Absorption, distribution, metabolism, and excretion of radiolabeled naldemedine in healthy subjects

• Published in: Xenobiotica Vol. 49; no. 9; pp. 1044 - 1053
• Main Authors: Ohnishi, Shuichi, Fukumura, Kazuya, Kubota, Ryuji, Wajima, Toshihiro
• Format: Journal Article
• Language: English
• Published: England Taylor & Francis 02.09.2019
• Subjects: absorption; Administration, Oral; Adult; Area Under Curve; Carbon Radioisotopes - pharmacokinetics; Constipation - chemically induced; excretion; Healthy Volunteers; Humans; Inactivation, Metabolic; Intestinal Absorption; Male; metabolism; Naldemedine; Naltrexone - administration & dosage; Naltrexone - adverse effects; Naltrexone - analogs & derivatives; Naltrexone - blood; Naltrexone - pharmacokinetics; Nausea - chemically induced; opioid-induced constipation; Oxadiazoles - chemistry; Oxadiazoles - pharmacokinetics; peripherally acting µ-opioid receptor antagonist; pharmacokinetics; Tissue Distribution; Naldemedine; excretion; absorption; opioid-induced constipation; pharmacokinetics; peripherally acting µ-opioid receptor antagonist; metabolism
• ISSN: 0049-8254; 1366-5928; 1366-5928
• DOI: 10.1080/00498254.2018.1536815

1. Naldemedine is a peripherally acting μ-opioid receptor antagonist for the treatment of opioid-induced constipation. 2. This phase 1 study investigated the absorption, distribution, metabolism and excretion of naldemedine, following a single oral 2-mg dose of [oxadiazole- 14 C]-naldemedine or [carbonyl- 14 C]-naldemedine to 12 healthy adult male subjects.

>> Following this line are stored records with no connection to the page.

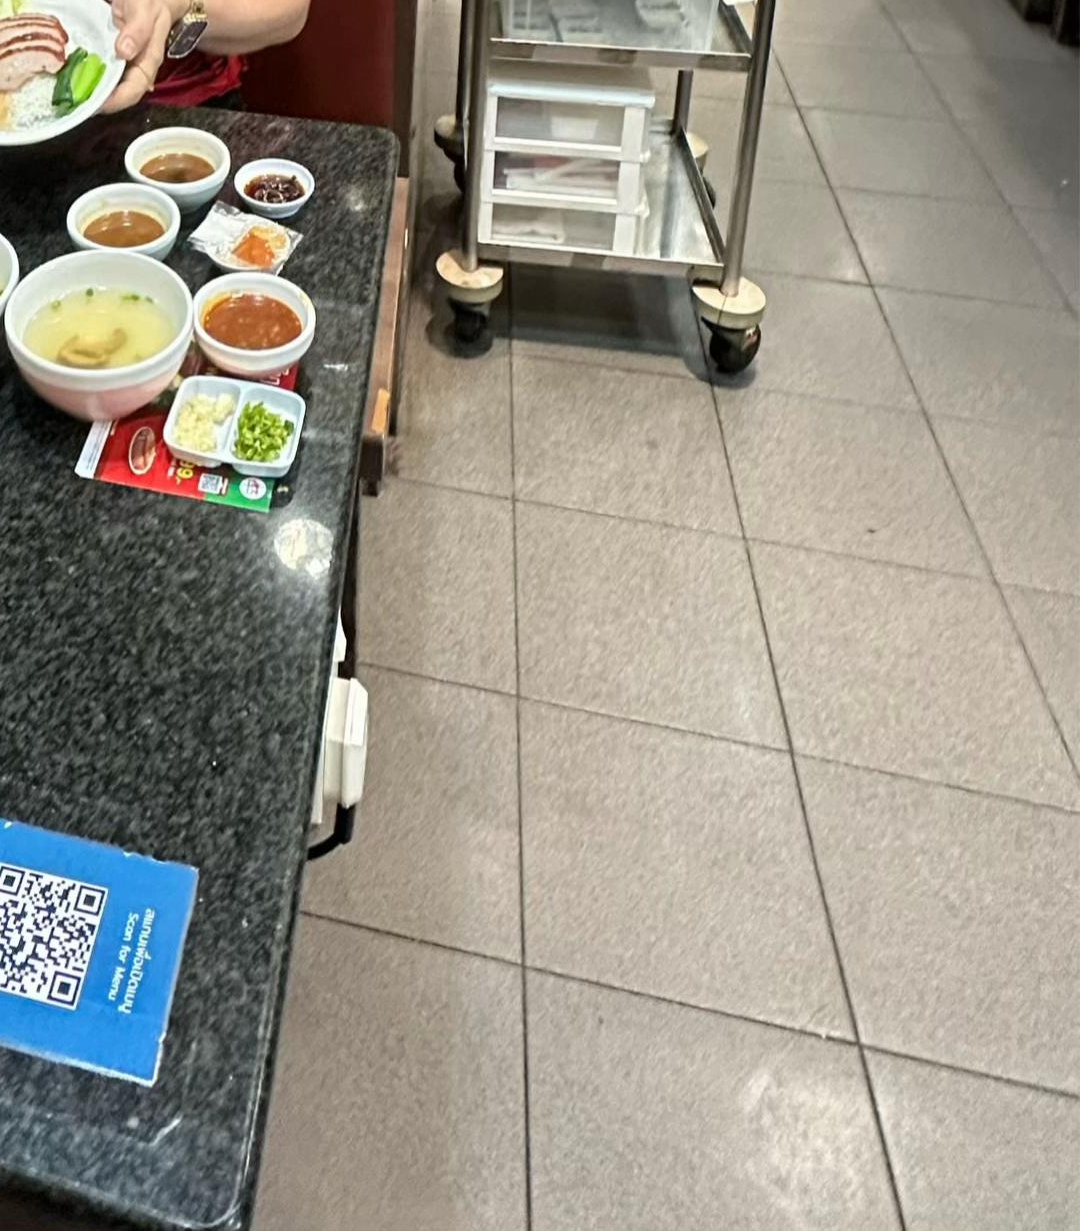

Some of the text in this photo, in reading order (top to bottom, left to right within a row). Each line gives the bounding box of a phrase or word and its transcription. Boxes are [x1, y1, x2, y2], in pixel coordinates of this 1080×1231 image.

[107, 912, 140, 1002] Scan for Menu
[118, 907, 156, 1015] สแกนเพื่อเปิดเมนู
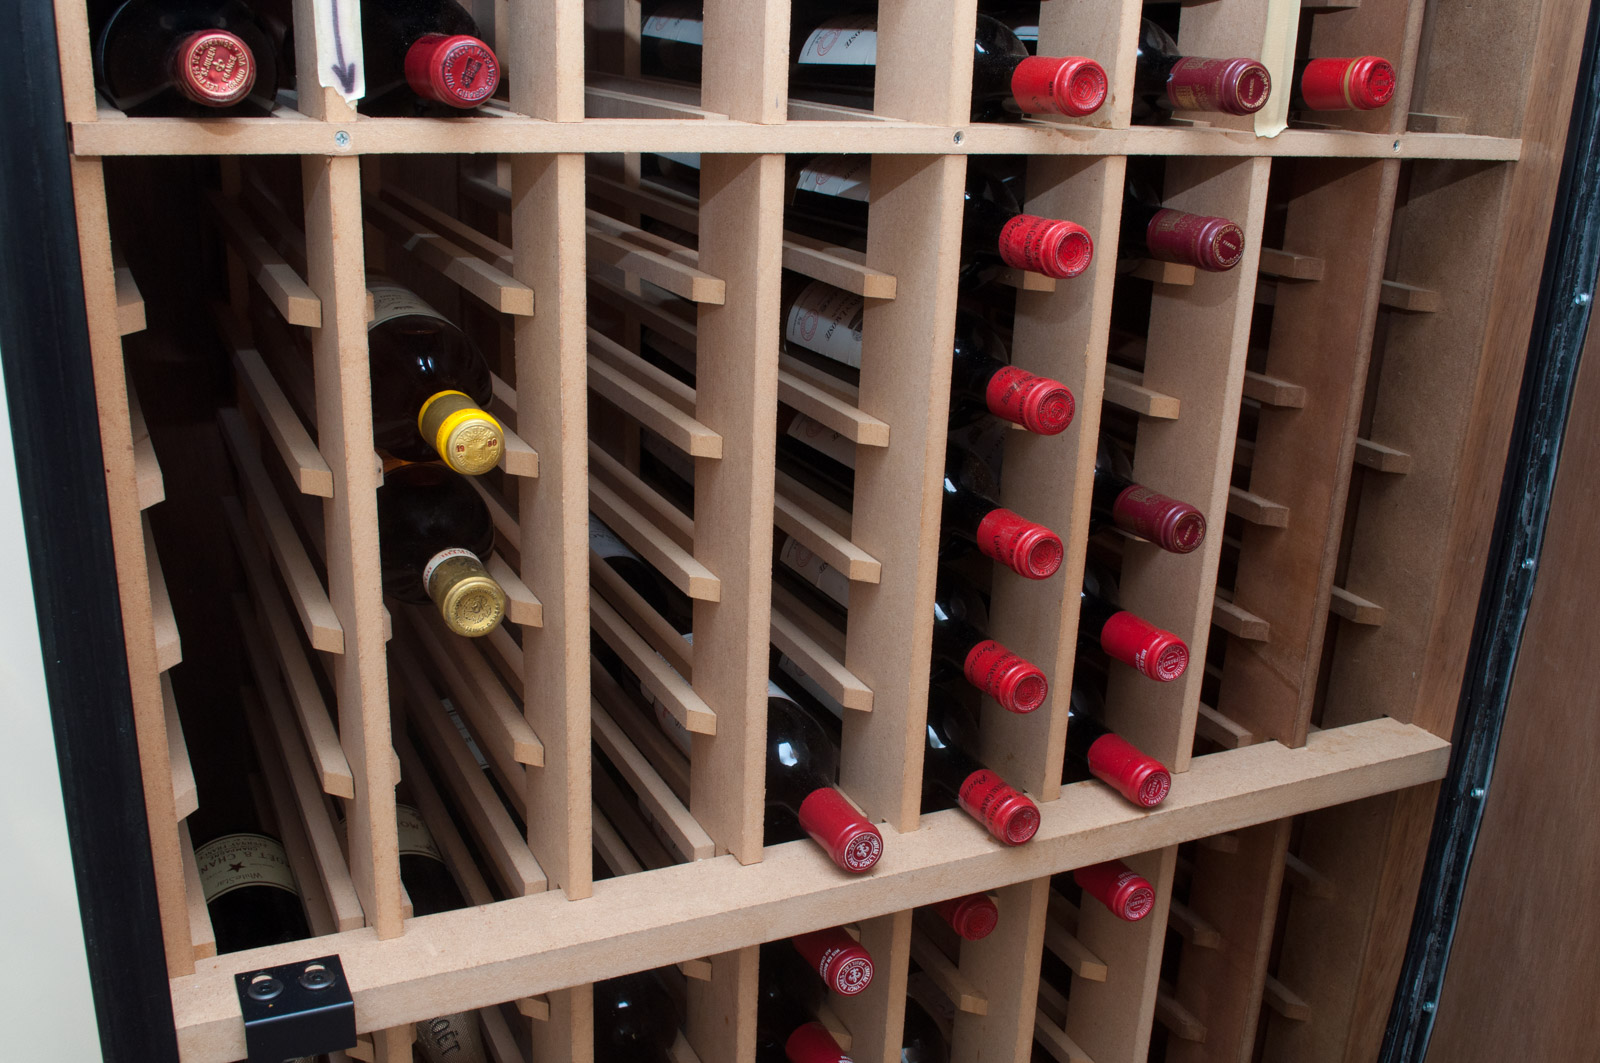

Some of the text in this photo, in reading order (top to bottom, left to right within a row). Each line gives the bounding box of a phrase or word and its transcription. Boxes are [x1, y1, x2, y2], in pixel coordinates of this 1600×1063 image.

[221, 54, 238, 83] FRANCE
[227, 69, 246, 89] GRAND
[859, 854, 877, 868] LYNCH
[846, 980, 865, 992] LYNCH

Pharmacokinetic assessments were performed on blood, urine and fecal samples collected at defined intervals. 3. Naldemedine was the major circulating component in plasma with a median T max of approximately 0.8-0.9 h and a geometric mean t 1/2,z of approximately 11 h. Total systemic exposures, AUC, of metabolites nor-naldemedine were less abundant than those of naldemedine (9% or 13% of AUC of naldemedine) and 16.2% or 18.1% of naldemedine was excreted as unchanged in urine after administration of [oxadiazole- 14 C]-naldemedine or [carbonyl- 14 C]-naldemedine, respectively, and benzamidine was the major radioactive component after administration of [oxadiazole- 14 C]-naldemedine (32.5% of administered dose). Overall, the recovery of total radioactivity was 92% (57.3% in urine; 34.8% in feces) after administration of [oxadiazole- 14 C]-naldemedine and 85% (20.4% in urine; 64.3% in feces) after administration of [carbonyl- 14 C]-naldemedine. 4. Our findings suggest that naldemedine is mainly metabolized to nor-naldemedine. Naldemedine was rapidly absorbed and well tolerated, with no major safety signals observed.